# Dips



## coquille (Feb 23, 2004)

Does anyone have good suggestions for dips as an appetizer : for example:you're sitting at a restaurant table and the witer brings you sherry...(yummi ) home made very thin toasts ( delicious!)with olive oil and sea salt and then... good dips!!


----------



## kitchenelf (Feb 23, 2004)

Right off the top of my head I think of Hummus - 

2 15 oz. cans chickpeas (garbanzo beans)
1/2 c. tahini (sesame-seed paste)
6 T. lemon juice
3 lg cloves garlic, pressed
1 t. ground cumin
salt and pepper
Sesame oil

Drain beans, reserving liquid.  Place in food processor or
blender with other ingredients and 1/4 c. of liquid.
Process until the mixture is smooth, adding liquid until
desired consistency is reached.  Adjust seasonings with
more cumin, lemon, or salt & pepper.  Spoon into bowl making a well in the center and fill with sesame oil.  (a couple tablespoons should do it.)


Or a Tzatziki

1 	pint of plain yogurt 
1/2	med. sized cucumber finely shredded
3	cloves of garlic (more or less by taste)
2 TBS fresh dill, chopped

The yogurt is dumped into a strainer lined with a coffee filter, cheese cloth, or paper towel and allowed to drain at least 2 hours (you can adjust the consistancy of the sauce by increasing this time up to 24 hours).  The shredded cucumber is drained the same way. 

Mix it all together and let it steep for at least 2 hours (it's better
the next day).

Those are the two I think of right away.


----------



## ironchef (Feb 23, 2004)

just posted a crab and artichoke dip recipe on the main appetizer list

_*LOL iron chef - this is Kitchenelf sneaking into your post - I hope you don't mind but I changed the "p" to a "b" in the word crab    - that was OK wasn't it?  But I checked the actual recipe just to make sure "crab" WAS correct!   *_


----------



## coquille (Feb 24, 2004)

*dippies*

thanks for the suggestions but I'm looking for something like rillette or dips that can be made with the foods available in mid winter....
By the way have you ever tried making pesto with Lavas ? It's the green herb, looks a bit like flatparsley you usually use it in soups...


----------



## kitchenelf (Feb 24, 2004)

I can direct you to a page with many options but I, personally, don't have a recipe.

Rillette Recipes


----------



## coquille (Feb 25, 2004)

Once again kitchenelf , thank you !!!


----------



## French fried (Apr 13, 2004)

sundried tomato dip

sundried tomato
garlic
cream cheese
little sour cream
s&p

put it all into the processor, and budda bing a fabulous dip


----------



## Bangbang (Jul 28, 2004)

I am a Blue Cheese Addict.....great with a bottle of Porto :!: 

Blue Cheese Dip

1 cup blue cheese, crumbled, plus a little for garnish
4 ounces cream cheese, softened
1¼ cups sour cream
1 tablespoon lemon juice
Zest of 1 lemon
2 cloves garlic, minced
Salt and pepper to taste

In a medium bowl, cream together the blue and cream cheeses.
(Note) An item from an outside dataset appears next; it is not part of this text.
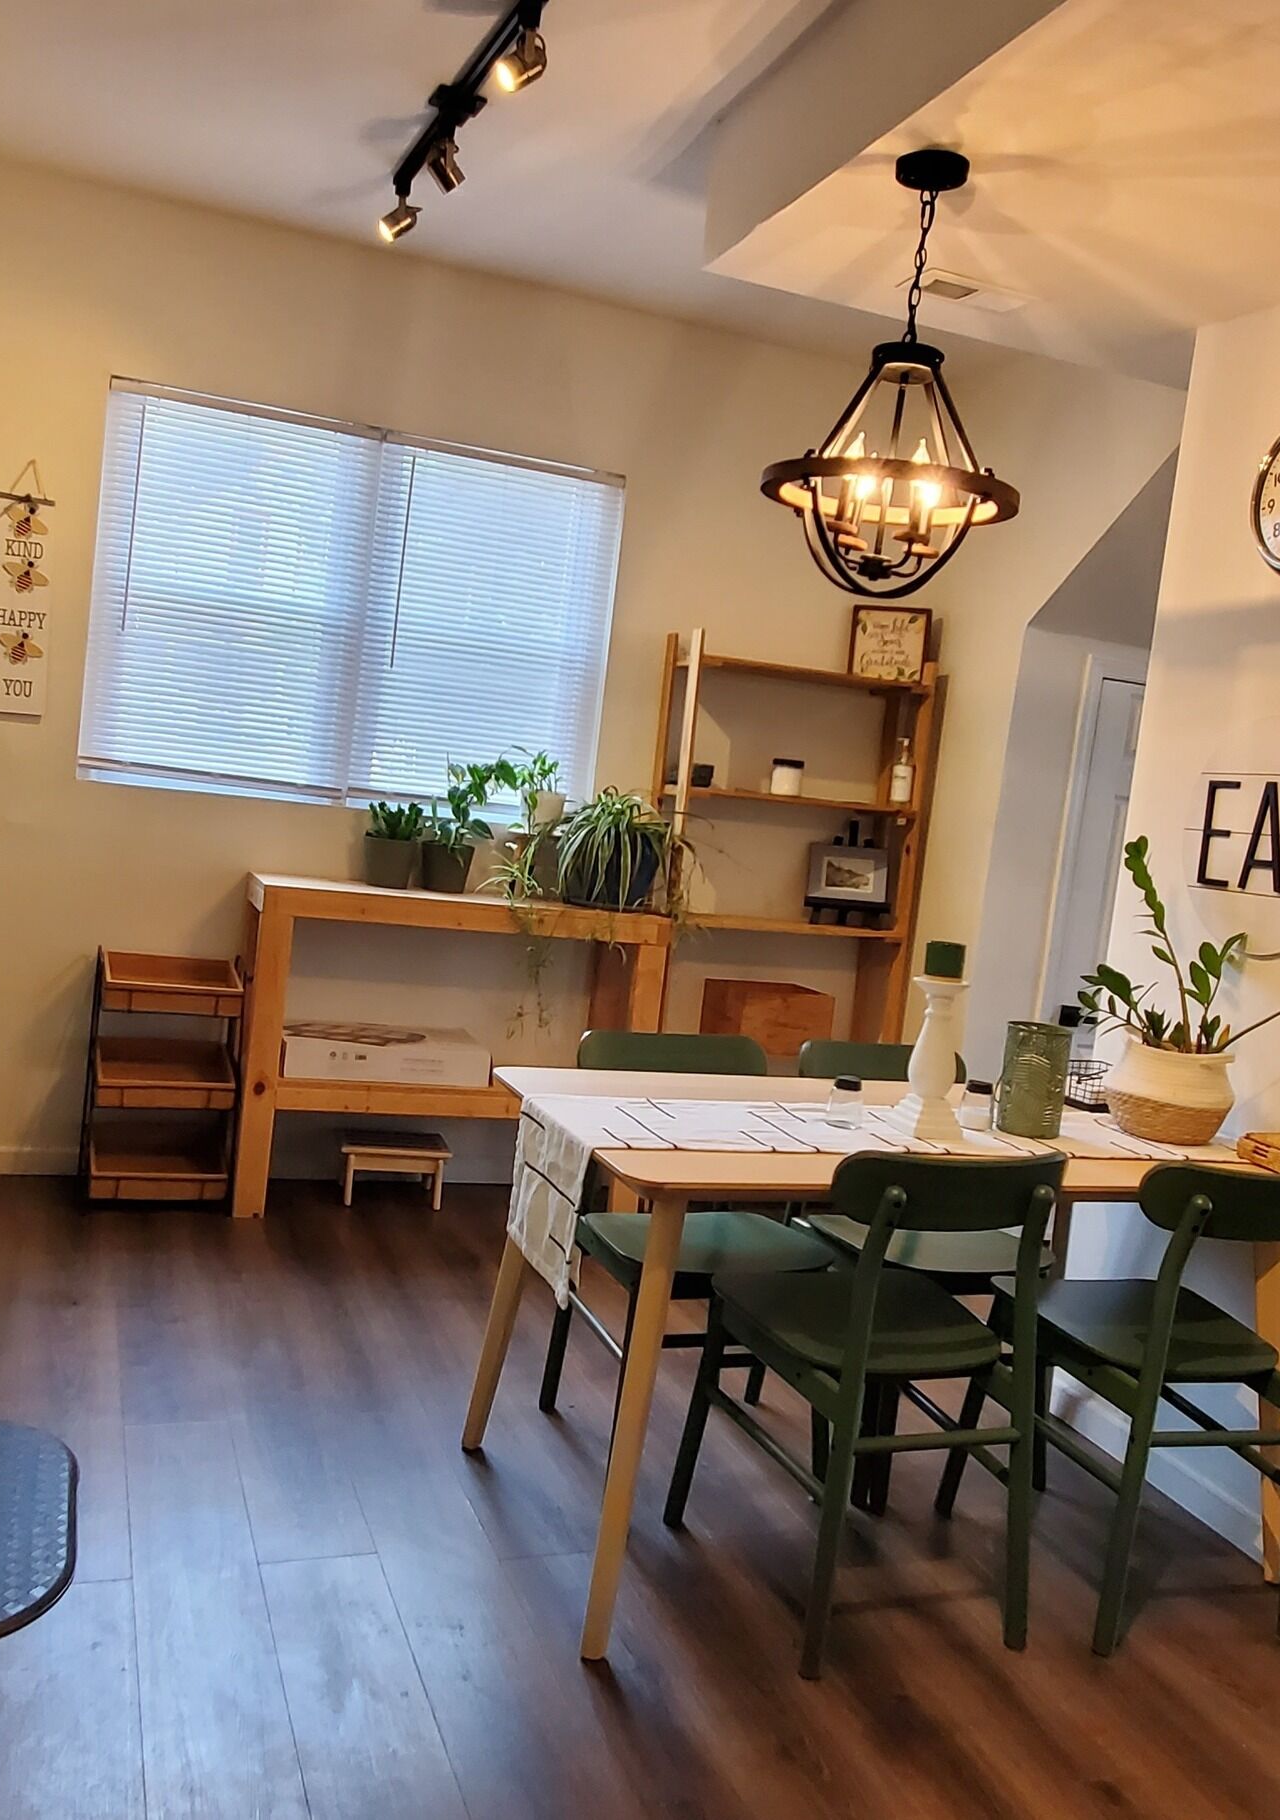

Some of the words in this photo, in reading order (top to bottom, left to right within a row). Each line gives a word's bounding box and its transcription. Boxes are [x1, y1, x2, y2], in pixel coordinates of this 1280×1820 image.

[1267, 499, 1276, 515] 9
[5, 538, 44, 560] KIND
[2, 677, 33, 698] YOU
Add the sour cream and mix until well-incorporated. Stir in the remaining ingredients. (This recipe can also be prepared in a food processor .) Transfer to a serving dish. Sprinkle a little crumbled blue cheese on top. Refrigerate for several hours to let the flavors meld, then set it out about 30 minutes before serving. Serve slightly chilled. Makes 3 cups.


----------



## Barbara L (Jul 29, 2004)

Bangbang, 

Your bleu cheese dip sounds great!

 Barbara


----------



## Bangbang (Jul 29, 2004)

Yep :!: It is. Ya got to try it.


----------



## kitchenelf (Aug 13, 2004)

Blue cheese and Port - YYYUUUUUUMMMMMMYYYYY.

I have a recipe for a blue cheese cheesecake (obviously savory, not sweet) - I'll have to look for it!  I also have a recipe for oysters baked in the oven with a blue cheese sauce on them.


----------



## Bangbang (Aug 13, 2004)

kitchenelf said:
			
		

> Blue cheese and Port - YYYUUUUUUMMMMMMYYYYY.
> 
> I have a recipe for a blue cheese cheesecake (obviously savory, not sweet) - I'll have to look for it!  I also have a recipe for oysters baked in the oven with a blue cheese sauce on them.



I want the recipe for the oysters please.


----------



## kitchenelf (Aug 14, 2004)

Here you go Bangbang - Blue Vein Oven-Baked Oysters


----------